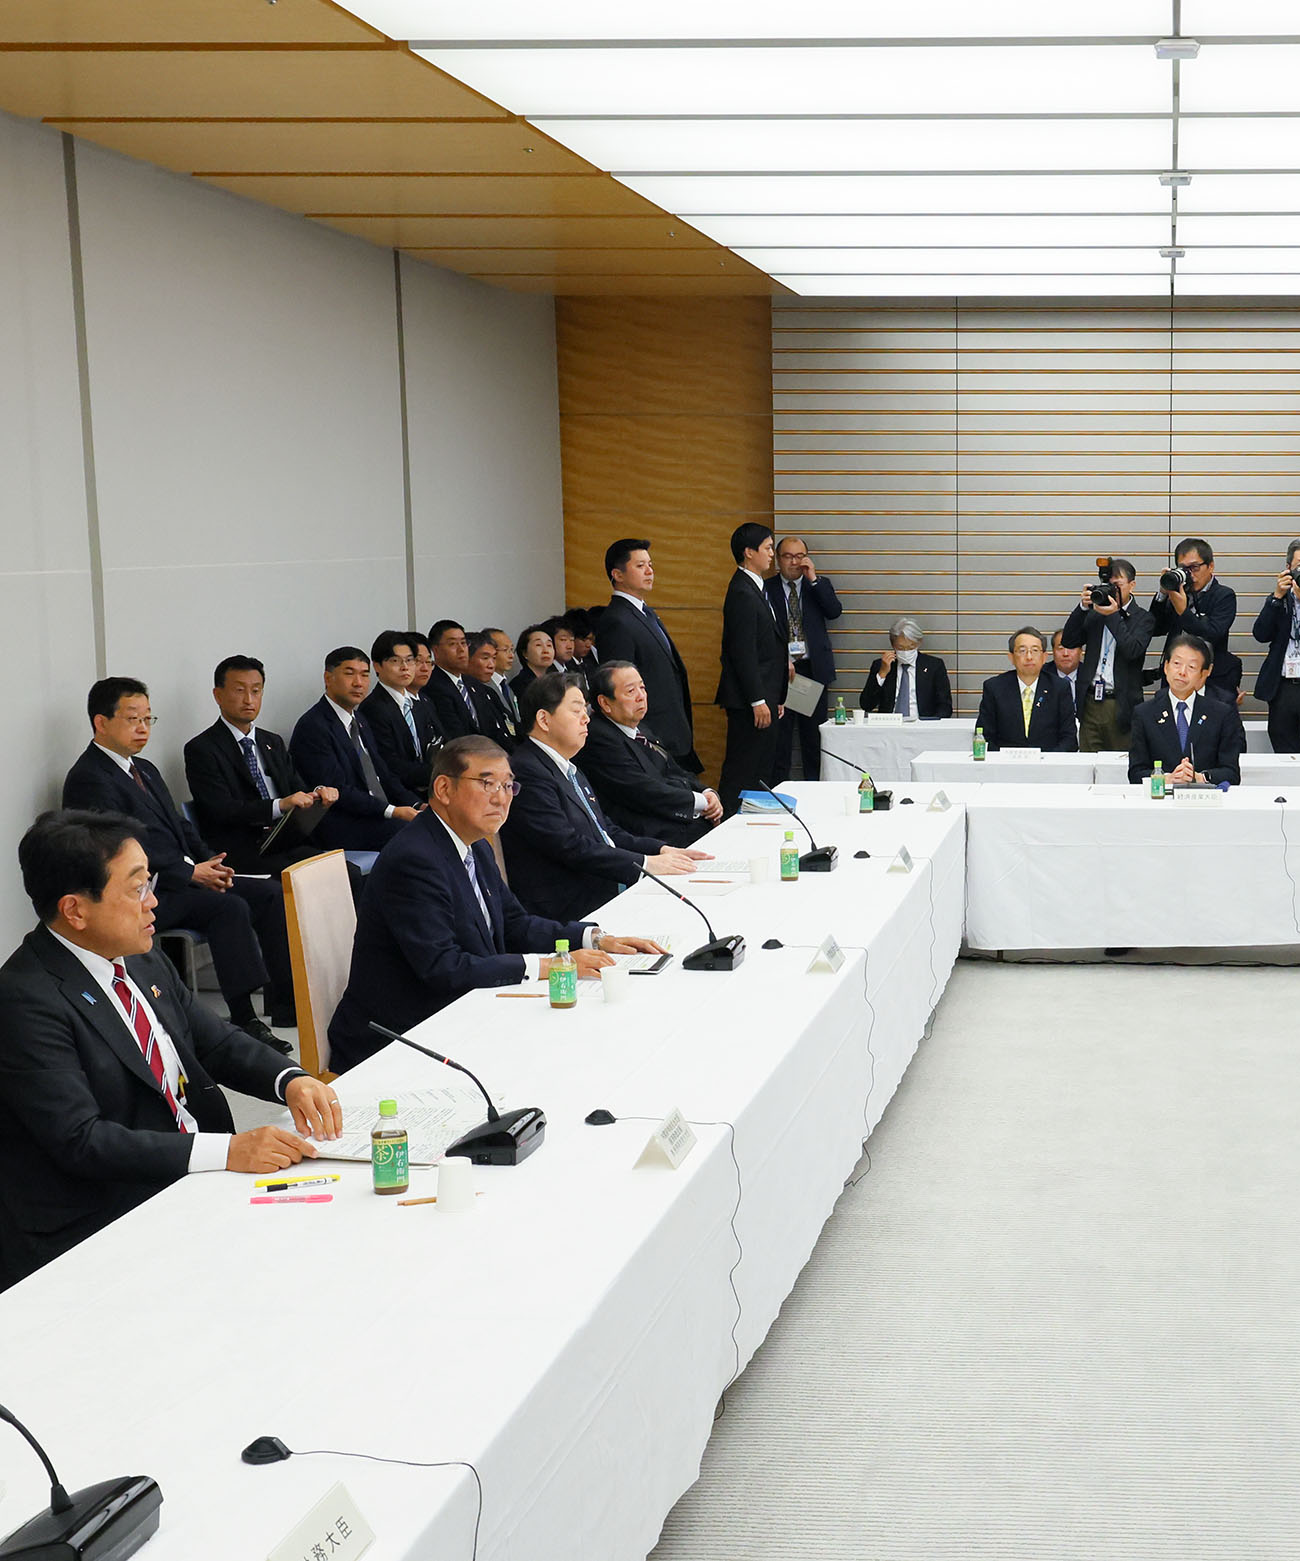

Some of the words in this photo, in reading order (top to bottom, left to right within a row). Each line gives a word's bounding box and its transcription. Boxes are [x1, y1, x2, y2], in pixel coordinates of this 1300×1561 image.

[375, 1145, 390, 1162] 茶
[303, 1515, 353, 1561] 務大臣
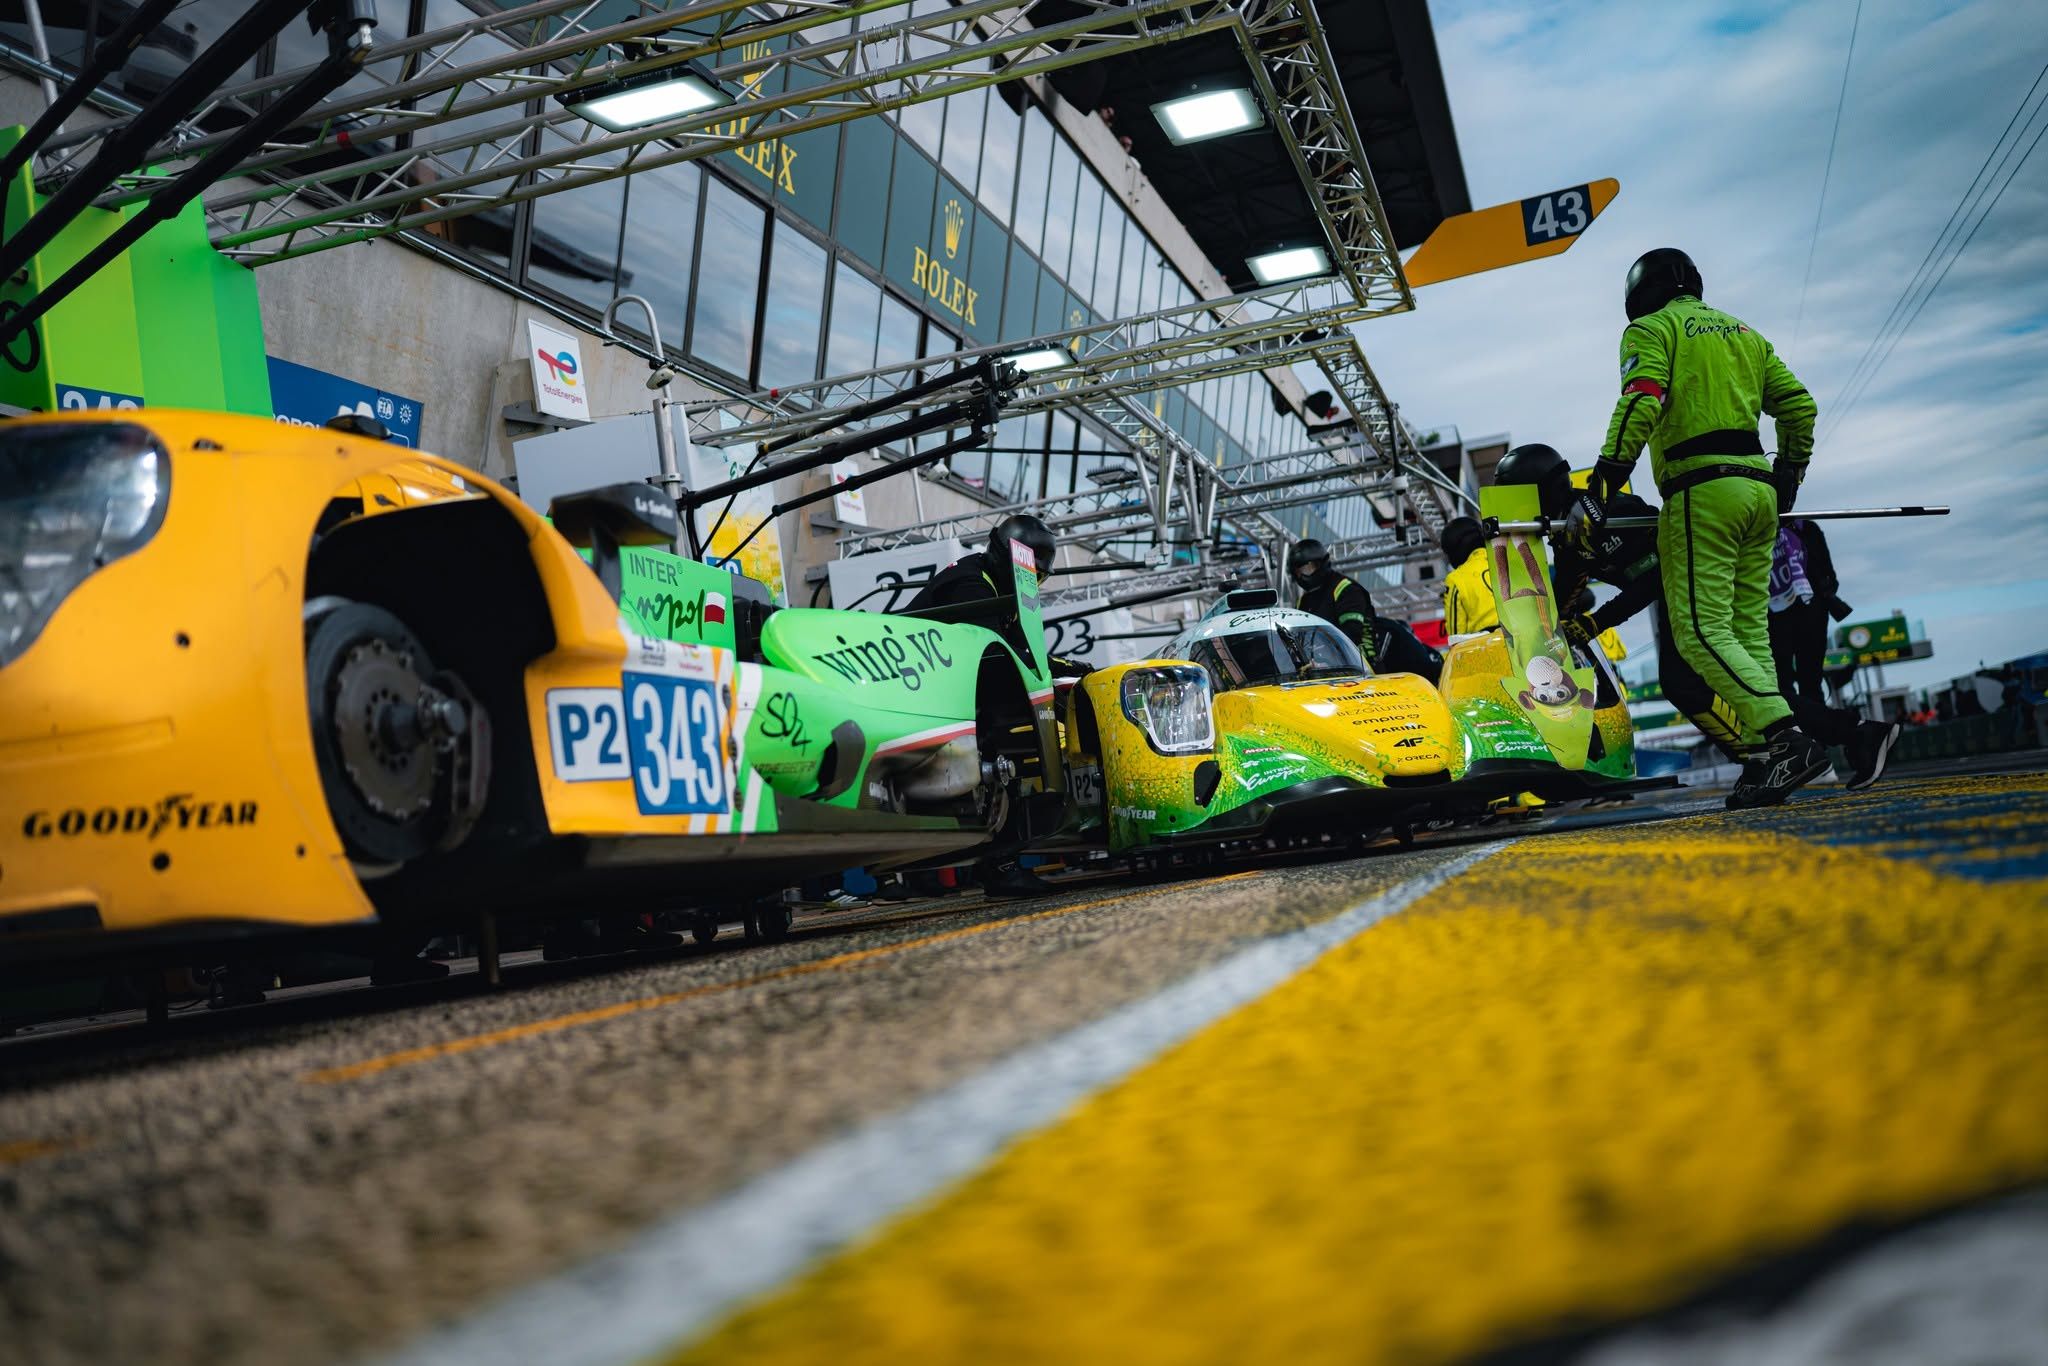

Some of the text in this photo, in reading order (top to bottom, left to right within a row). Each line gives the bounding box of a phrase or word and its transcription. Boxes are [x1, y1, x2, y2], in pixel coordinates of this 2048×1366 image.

[1531, 190, 1587, 238] 43
[911, 245, 978, 327] ROLEX
[543, 383, 583, 404] TotalEnergies
[629, 552, 679, 587] INTER
[811, 624, 953, 692] wing.vc
[1043, 618, 1095, 656] 23
[558, 703, 623, 766] P2
[632, 682, 723, 807] 343
[1393, 737, 1425, 748] 4F
[1404, 753, 1441, 762] ORECA
[1076, 774, 1092, 801] P2
[22, 793, 258, 841] GOODYEAR
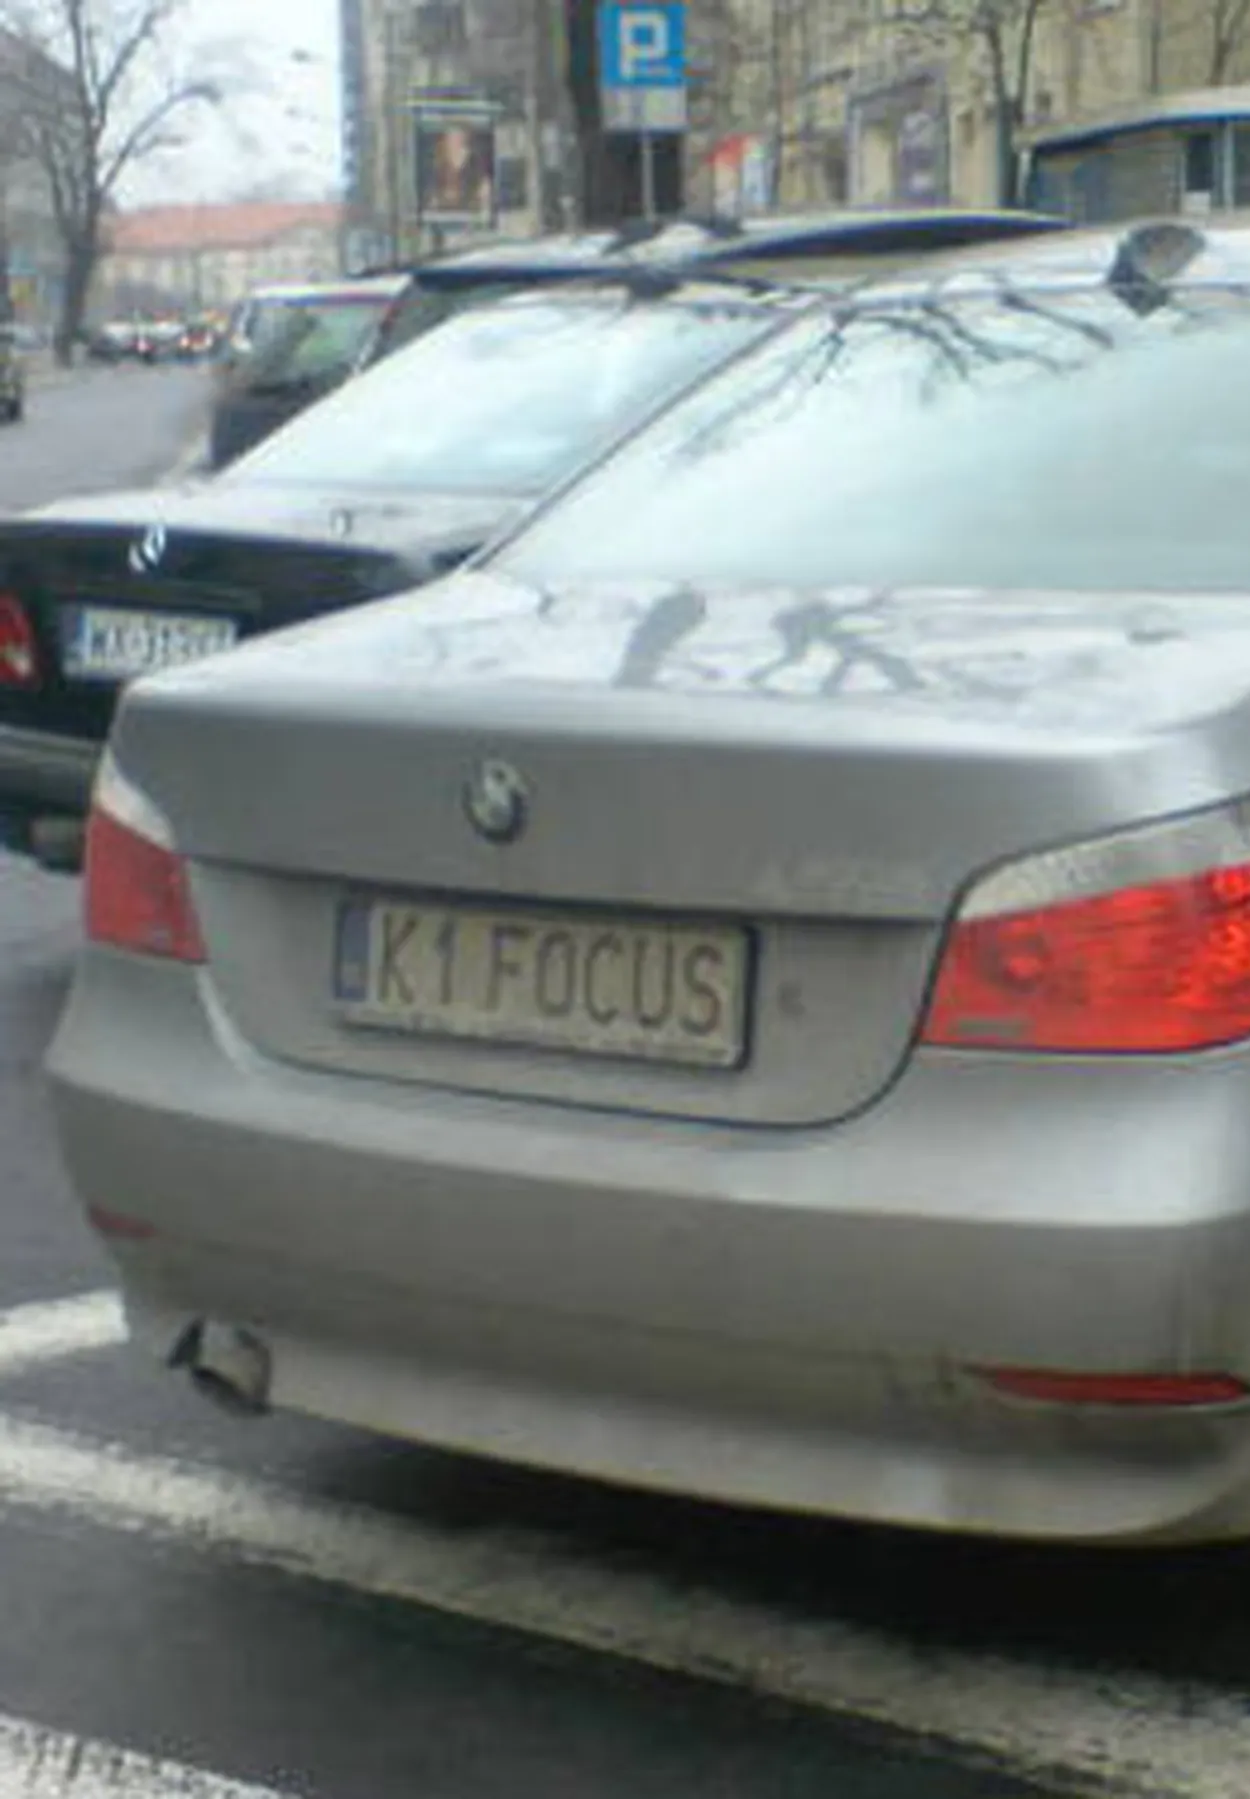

* * * *

Please print each of the records word for word, keeping the pictures out.

Some of the words in this photo, in reading order (top to bottom, left to right within a row). Each line gives a word's bounding box and its transcription. Boxes are [x1, y1, x2, y2], in pixel coordinates of this 1300×1561 image.

[375, 1145, 390, 1162] 茶
[303, 1515, 353, 1561] 務大臣

Some of the text in this photo, in reading order (top to bottom, left to right within a row). Each line gives the bounding box of a phrase or word and its transcription. Boxes are [x1, y1, x2, y2], in pixel coordinates of this 2048×1366 image.

[1531, 190, 1587, 238] 43
[911, 245, 978, 327] ROLEX
[543, 383, 583, 404] TotalEnergies
[629, 552, 679, 587] INTER
[811, 624, 953, 692] wing.vc
[1043, 618, 1095, 656] 23
[558, 703, 623, 766] P2
[632, 682, 723, 807] 343
[1393, 737, 1425, 748] 4F
[1404, 753, 1441, 762] ORECA
[1076, 774, 1092, 801] P2
[22, 793, 258, 841] GOODYEAR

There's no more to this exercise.